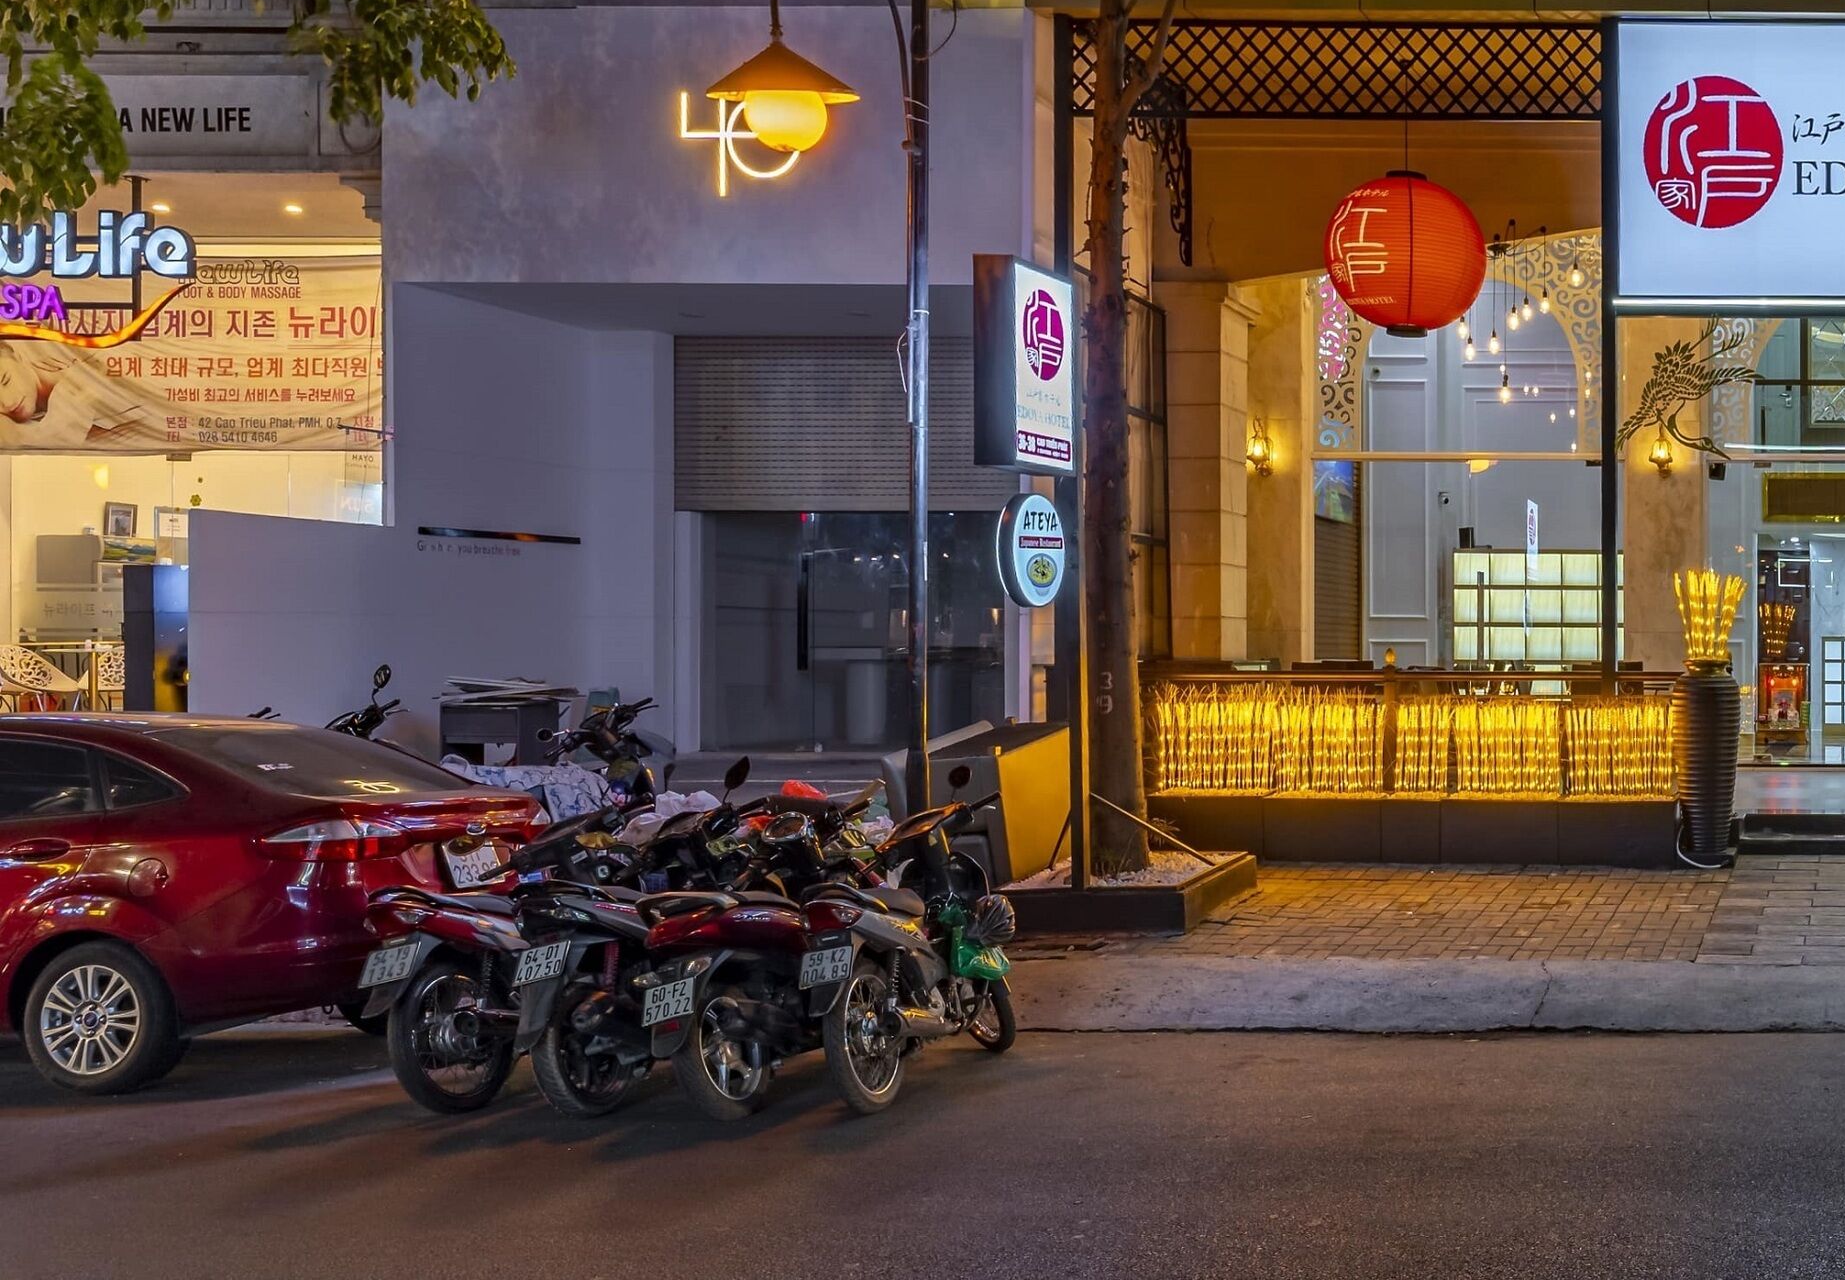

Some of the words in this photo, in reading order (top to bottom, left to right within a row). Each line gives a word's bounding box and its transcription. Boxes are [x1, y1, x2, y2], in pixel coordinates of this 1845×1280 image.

[141, 107, 194, 132] NEW
[203, 107, 251, 132] LIFE
[0, 283, 67, 320] SPA
[218, 286, 247, 298] BODY
[251, 286, 301, 298] MASSAGE
[226, 309, 275, 337] 지존
[106, 357, 142, 377] 업계
[151, 357, 188, 378] 최대
[247, 357, 283, 378] 업계
[292, 357, 368, 378] 최다직원
[166, 388, 200, 403] 가성비
[204, 389, 240, 403] 최고의
[244, 388, 291, 403] 서비스를
[296, 388, 356, 403] 누려보세요
[199, 416, 212, 429] 42
[215, 417, 236, 429] Cao
[1023, 510, 1058, 531] ATEYA
[525, 944, 559, 964] 64-D1
[808, 948, 846, 967] 59-K2
[516, 959, 561, 982] 407.50
[651, 981, 687, 1002] 60-F2
[645, 997, 691, 1023] 570.22
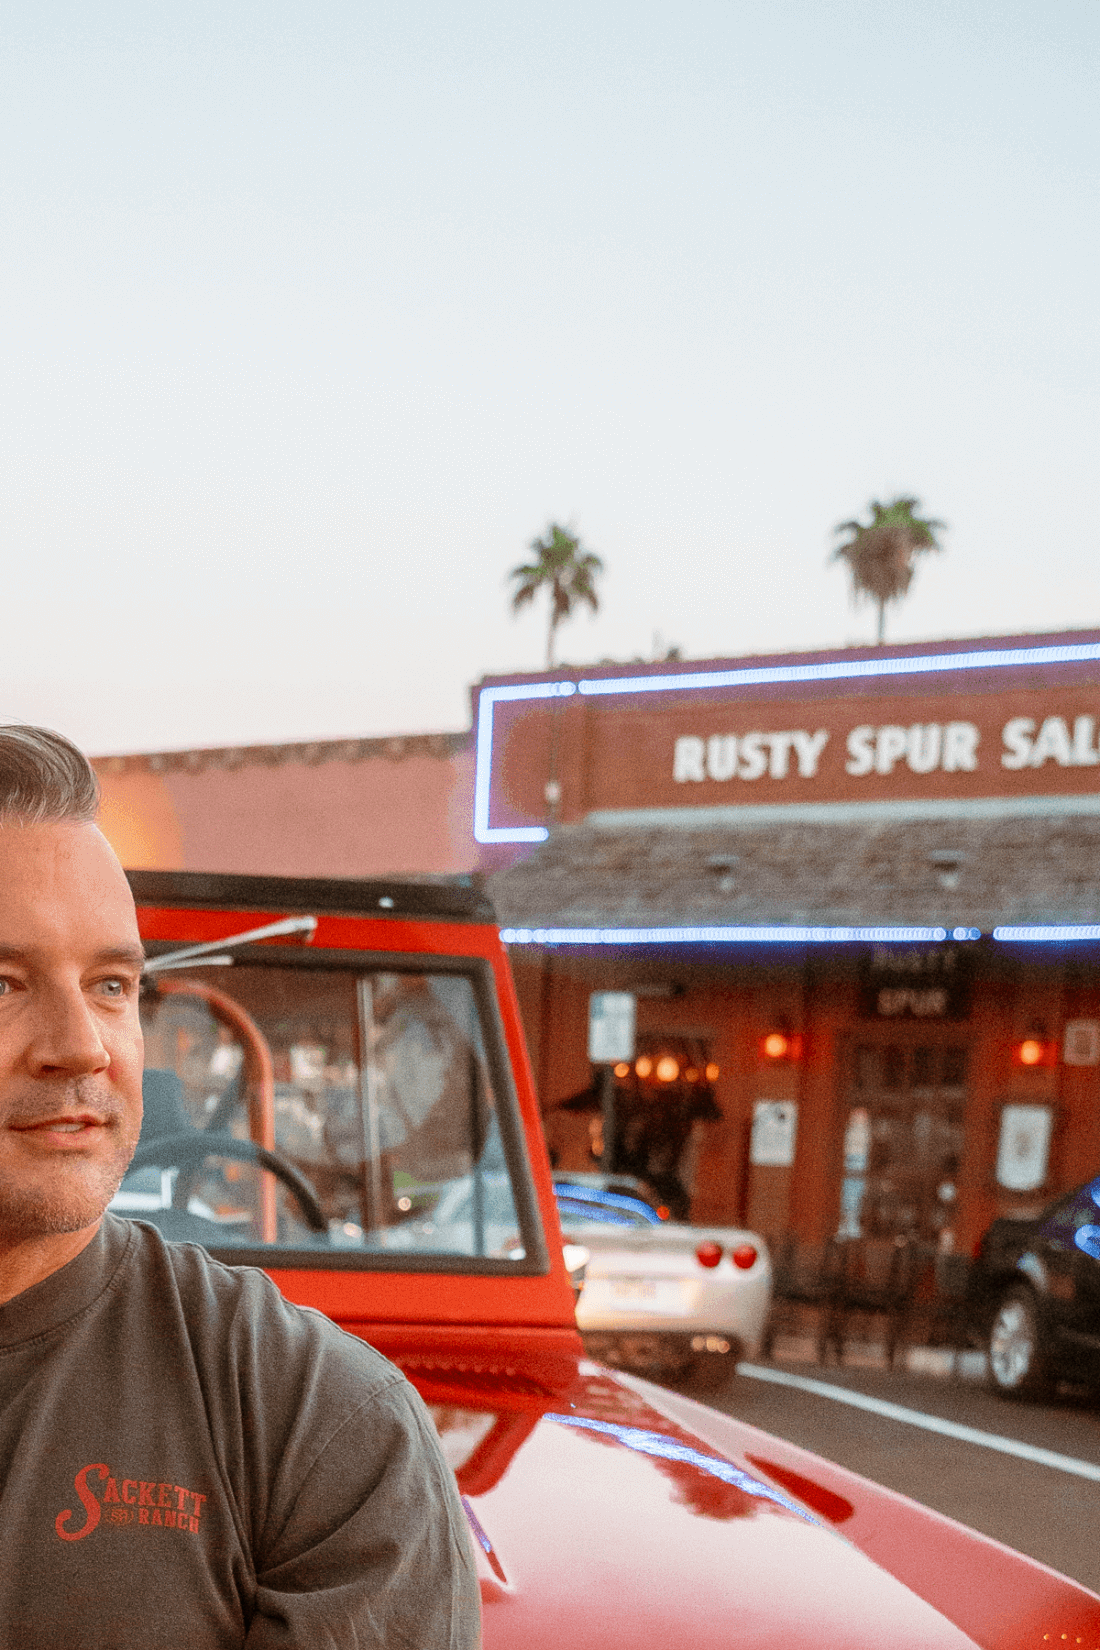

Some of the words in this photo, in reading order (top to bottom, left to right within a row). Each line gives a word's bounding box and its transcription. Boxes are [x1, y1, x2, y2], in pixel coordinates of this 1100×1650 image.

= = = =

_Required work_
Omitting the pictures, copy each record above exactly as it stands.

_Output for this exercise_
Some of the words in this photo, in reading order (top to bottom, left to right within a row). Each line gives a word's bounding box and its transcription. Boxes are [x1, y1, x2, y2], in pixel coordinates of this 1845×1280 image.

[141, 107, 194, 132] NEW
[203, 107, 251, 132] LIFE
[0, 283, 67, 320] SPA
[218, 286, 247, 298] BODY
[251, 286, 301, 298] MASSAGE
[226, 309, 275, 337] 지존
[106, 357, 142, 377] 업계
[151, 357, 188, 378] 최대
[247, 357, 283, 378] 업계
[292, 357, 368, 378] 최다직원
[166, 388, 200, 403] 가성비
[204, 389, 240, 403] 최고의
[244, 388, 291, 403] 서비스를
[296, 388, 356, 403] 누려보세요
[199, 416, 212, 429] 42
[215, 417, 236, 429] Cao
[1023, 510, 1058, 531] ATEYA
[525, 944, 559, 964] 64-D1
[808, 948, 846, 967] 59-K2
[516, 959, 561, 982] 407.50
[651, 981, 687, 1002] 60-F2
[645, 997, 691, 1023] 570.22

Some of the words in this photo, in reading order (top to bottom, left to right within a row). Each line gives a word's bounding box and its transcription. Boxes are [x1, y1, x2, y2], in pixel coordinates of this 1100×1650 image.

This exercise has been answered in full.